FedRAMP and LLMs. Frontier models that are hosted by labs are considered CSOs and should require FedRAMP authorization. However, if models were run in-house, then (AFAIK) they would then not be subject to FedRAMP. Nonetheless, a colleague noted to me that administrators are instructed to allow frontier models on work devices in the name of rapid experimentation with gen AI.
On the topic of coding agents and chatbots, Wired anonymously quoted a former government official familiar with approval processes “Sometimes doing nothing is not an option and you have to accept a lot of risk.”
Decentralized Software Authorization. Software approval is largely decentralized to individual agency IT departments. Even Congress splits this function – the Senate uses its Computer Center and Rules Committee, while the House uses Information Systems[27]. These IT departments typically handle traditional installed software rather than web-based tools.
Decentralized Software Review Process & LLMs. Granted, I don’t know much about what this process looks like internally, but I believe Government IT departments use industry-standard review processes focusing on traditional cybersecurity and data privacy, heavily influenced by NIST frameworks. Reviews typically cover network vulnerabilities, access controls, monitoring, supply chain assessment, and response plans. However, rushed GenAI adoption may lead to inadequate testing. Traditional security analysis likely misses unique LLM risks that require specialized AI safety expertise to identify – problems like Sleeper Agents[28] for which good solutions don't yet exist. Addressing these risks may require full-time LLM experts[29] (commanding $10M+ salaries) in every government IT department, plus solutions we don't currently have[30]. While the government established the Center for AI Standards and Innovation (CAISI), their standards don't have much influence on actual LLM adoption decisions. Ultimately, IT department approval doesn’t appear necessary for AI diffusion.[31]
On-the-Ground Experience and Culture with LLMs in Government. Based on conversations with about four colleagues (limited sample), government workers across legislative and executive branches have access to and use frontier LLMs on government computers for writing, reading, editing, and research. While cultural taboos exist against automating important work, there's a positive shift toward productivity use. Unless directly observed using commercial chatbots for sensitive tasks or drafting final publications, oversight appears minimal (need to verify this further).
Additional indicators support widespread LLM access: many agencies operate internal chatbots (see above), Microsoft 365 Copilot is likely standard on most government computers running majority Windows and MS Office, and Azure OpenAI has been available since summer 2024, receiving top secret authorization in January 2025.
Some reasons why government workers aren’t incentivized to use LLMs: (A) There are not strong incentives to be productive in the US government.

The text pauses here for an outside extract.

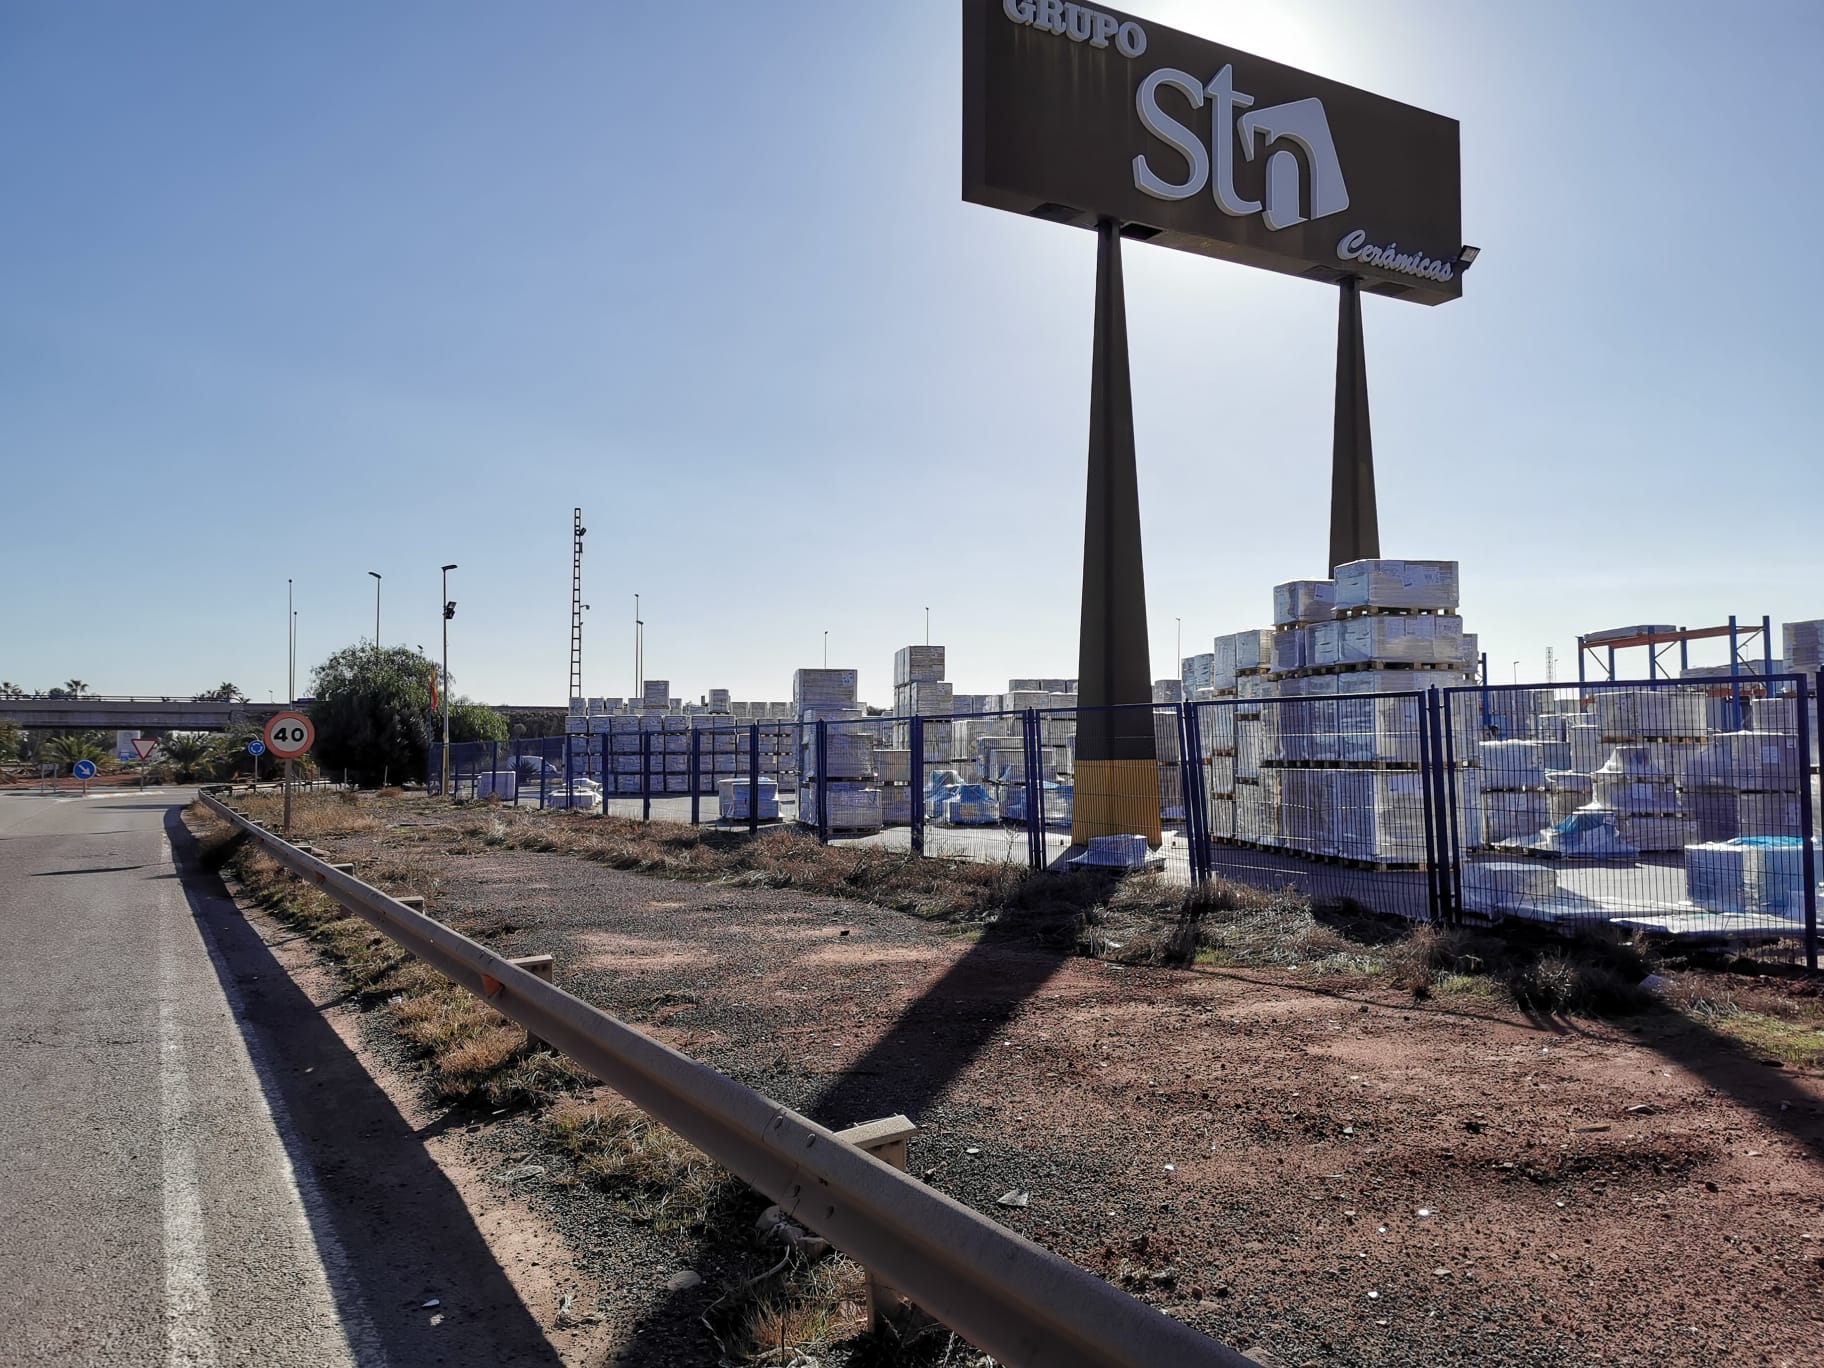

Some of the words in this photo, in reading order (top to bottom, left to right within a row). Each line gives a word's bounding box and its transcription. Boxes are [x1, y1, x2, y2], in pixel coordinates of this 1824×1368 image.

[1002, 0, 1147, 59] GRUPO
[1336, 229, 1454, 282] Cerámicas
[273, 727, 305, 742] 40

Promotions can often be a result of gaming a predetermined promotional interviews or speaking to the right people rather than by performance. (B) Most tasks are bottlenecked by procedure in ways that LLMs currently can’t help with.
05 AI National Security Memorandum (NSM)
Intro. The October 2024 AI National Security Memorandum (NSM)[32] is one of the most comprehensive articulations of US national security and policy towards AI. While this short post looked over the current state of LLMs in the US Government, the memorandum is a key indicator of where the future might go. I will be commenting on this summary by CSIS as the original is 40 pages.
NSM Goals. Some key goals outlined were to (a) maintain global leadership of advanced AI – including talent acquisition, expanding energy supplies and datacenters, and countering theft, espionage, and disruption. (b) Along the lines of CDAO’s AIRCC mentioned above, a goal was set to accelerate the adoption of AI across federal agencies including the DoD and Intelligence Community (IC) which includes the CIA and FBI among others. And (c) Develop governance frameworks to support national security, including international ones, to implement safety measures in so-far that it allows the comfortable rapid adoption of AI, and outlining roles and responsibilities for US CAISI. The CSIS summary links to a companion document on this governance section, but all links are broken. My summary here almost certainly does not do this document justice.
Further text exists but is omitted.